▶ [Exercise requirements] Below are the records; retype them exactly and omit each picture.

---------- Provided data ----------

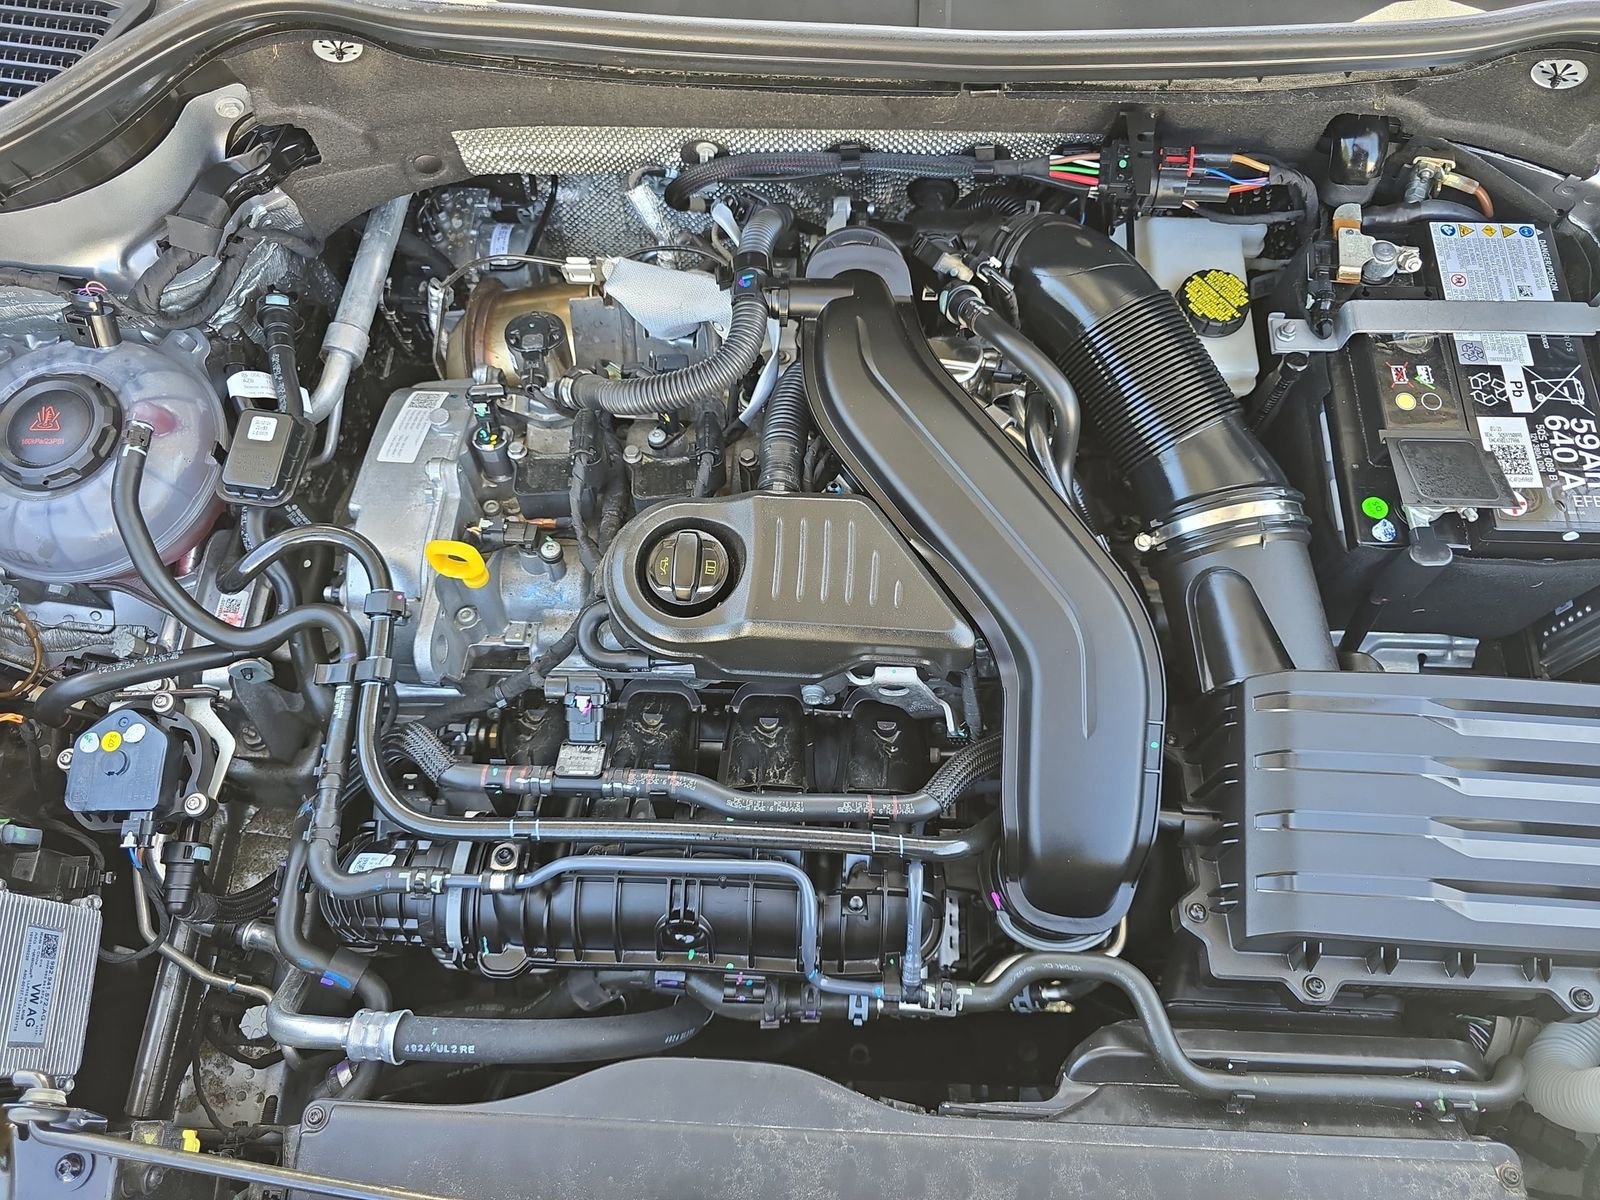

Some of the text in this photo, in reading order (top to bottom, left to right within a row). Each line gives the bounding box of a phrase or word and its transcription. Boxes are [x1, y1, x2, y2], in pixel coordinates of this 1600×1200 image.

[1538, 238, 1558, 290] DANGER/POISON
[1510, 380, 1524, 397] Pb
[1539, 442, 1551, 455] 915
[1544, 415, 1578, 462] 640
[1543, 457, 1556, 472] 089
[1559, 468, 1586, 491] A
[29, 983, 41, 1004] VW
[25, 1007, 36, 1028] AG

----------

▶ [Response to the task]
Some of the text in this photo, in reading order (top to bottom, left to right within a row). Each line gives the bounding box of a phrase or word and its transcription. Boxes are [x1, y1, x2, y2], in pixel coordinates of this 1600×1200 image.

[1538, 238, 1558, 290] DANGER/POISON
[1510, 380, 1524, 397] Pb
[1539, 442, 1551, 455] 915
[1544, 415, 1578, 462] 640
[1543, 457, 1556, 472] 089
[1559, 468, 1586, 491] A
[29, 983, 41, 1004] VW
[25, 1007, 36, 1028] AG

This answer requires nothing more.